-- Data shown follows --

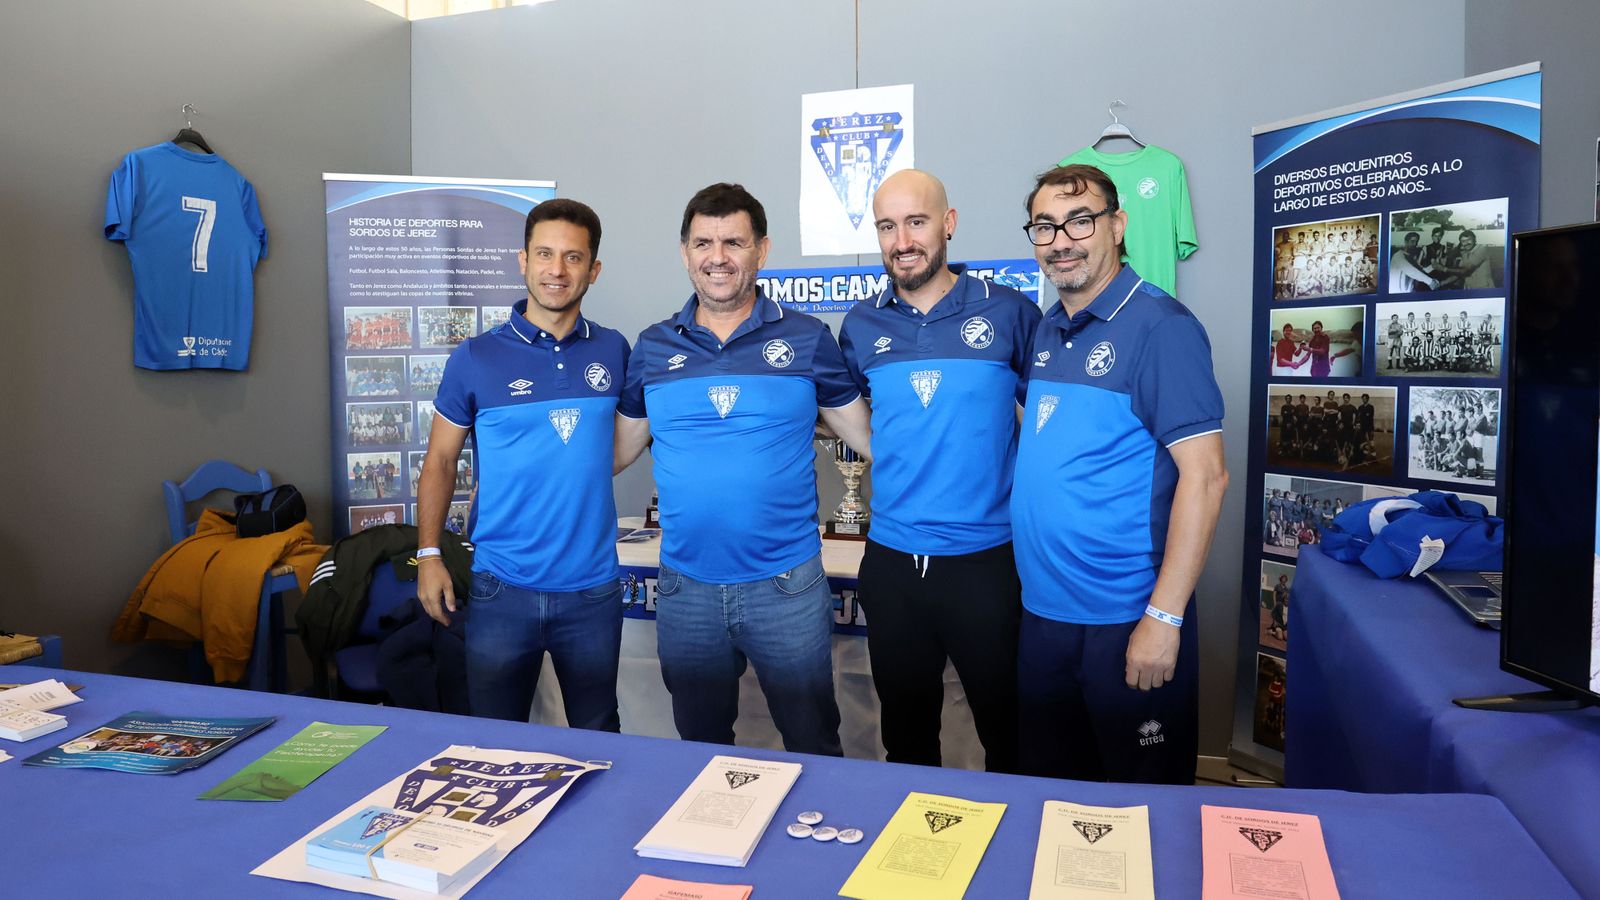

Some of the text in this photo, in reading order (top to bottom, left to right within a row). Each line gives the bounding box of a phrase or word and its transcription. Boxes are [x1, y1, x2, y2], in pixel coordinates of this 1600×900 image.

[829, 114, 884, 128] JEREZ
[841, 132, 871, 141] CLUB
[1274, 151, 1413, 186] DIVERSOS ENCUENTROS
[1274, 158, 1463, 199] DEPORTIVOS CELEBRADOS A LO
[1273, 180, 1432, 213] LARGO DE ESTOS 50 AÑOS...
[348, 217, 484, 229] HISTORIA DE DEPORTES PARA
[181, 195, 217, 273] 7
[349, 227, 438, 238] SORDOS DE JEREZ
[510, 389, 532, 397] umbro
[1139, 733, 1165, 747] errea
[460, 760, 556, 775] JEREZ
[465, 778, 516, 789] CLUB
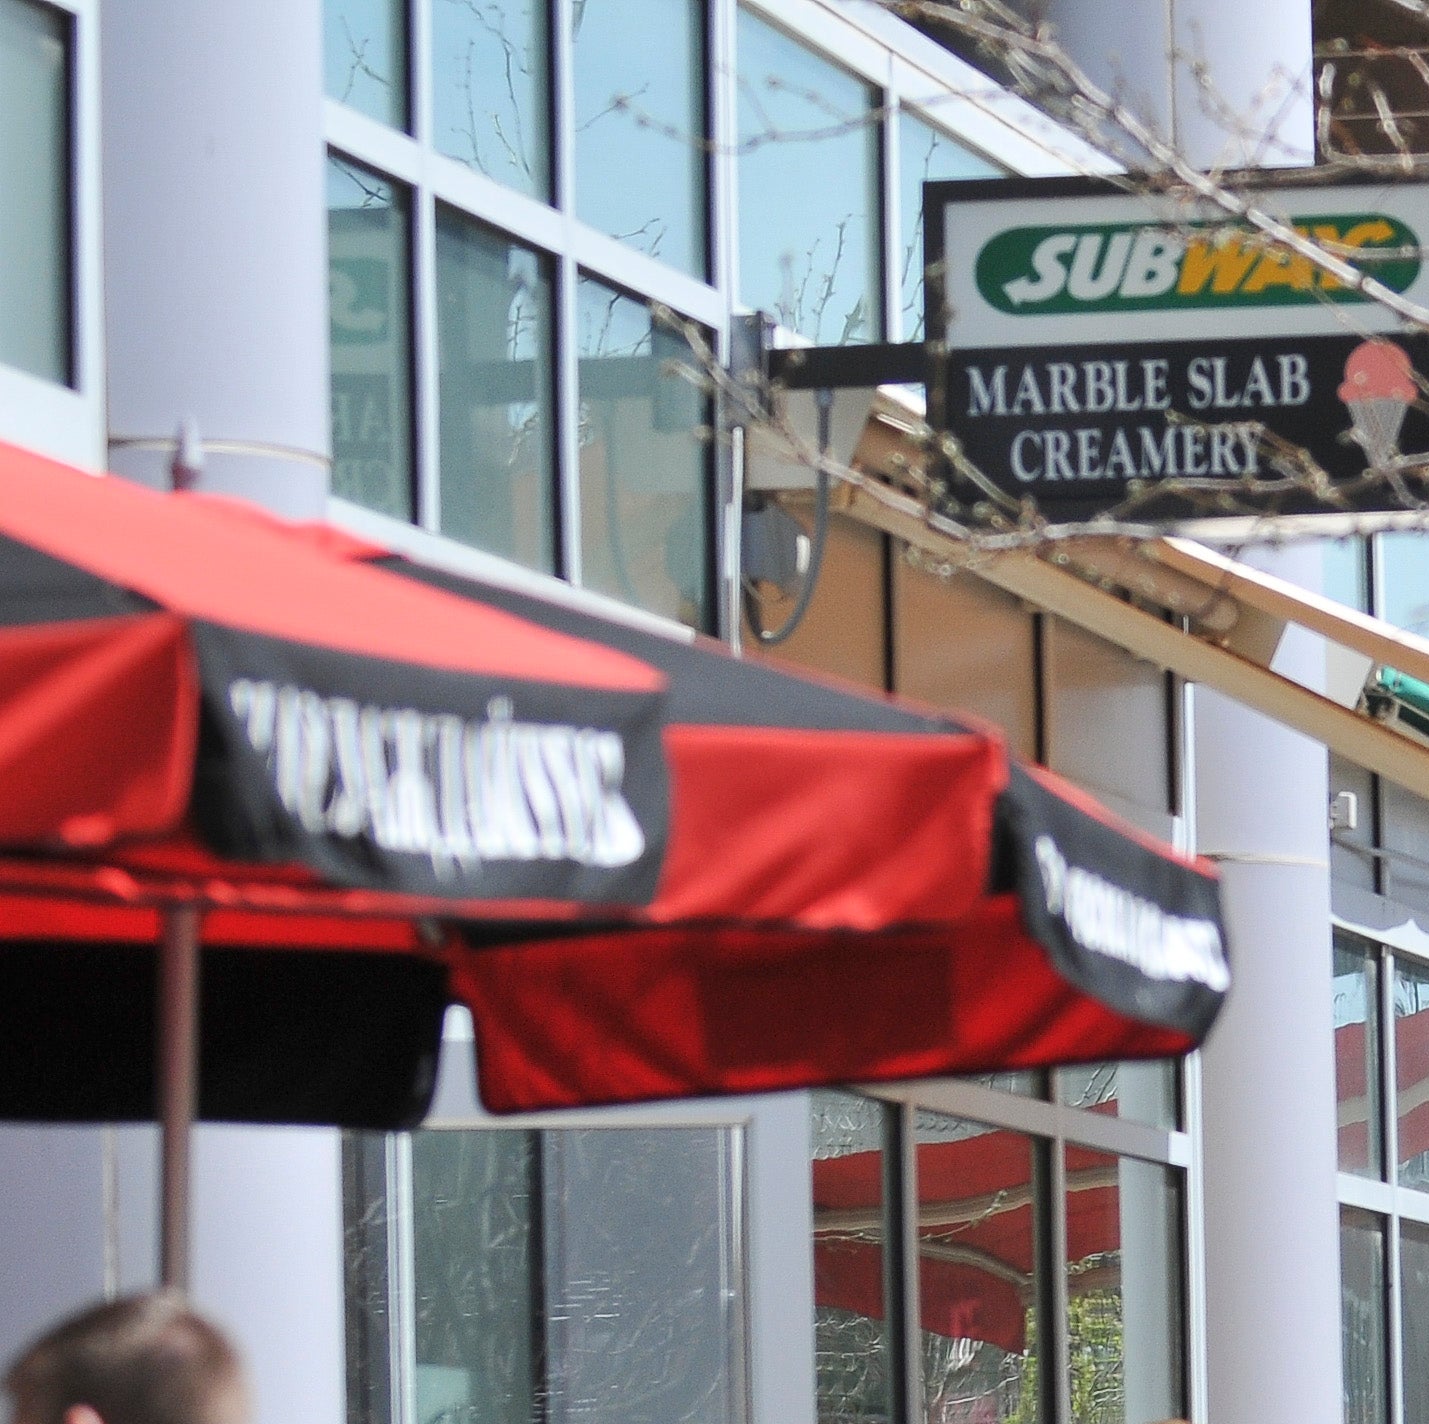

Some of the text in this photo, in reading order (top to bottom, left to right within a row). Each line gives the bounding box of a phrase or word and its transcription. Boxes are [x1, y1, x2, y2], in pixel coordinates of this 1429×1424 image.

-- Data shown concluded --

**Exercise requirements:** Verbatim copy, images excluded: transcribe all the entries above.

**Task result:**
Some of the text in this photo, in reading order (top to bottom, left to right within a row). Each line gives the bounding box of a phrase or word and its transcription. Boxes are [x1, y1, x2, y2], in pixel coordinates of this 1600×900 image.

[829, 114, 884, 128] JEREZ
[841, 132, 871, 141] CLUB
[1274, 151, 1413, 186] DIVERSOS ENCUENTROS
[1274, 158, 1463, 199] DEPORTIVOS CELEBRADOS A LO
[1273, 180, 1432, 213] LARGO DE ESTOS 50 AÑOS...
[348, 217, 484, 229] HISTORIA DE DEPORTES PARA
[181, 195, 217, 273] 7
[349, 227, 438, 238] SORDOS DE JEREZ
[510, 389, 532, 397] umbro
[1139, 733, 1165, 747] errea
[460, 760, 556, 775] JEREZ
[465, 778, 516, 789] CLUB

Some of the text in this photo, in reading order (top to bottom, left to right within a row). Each line gives the bounding box of a phrase or word and its transcription. Boxes are [x1, y1, x2, y2], in pixel coordinates of this 1429×1424 image.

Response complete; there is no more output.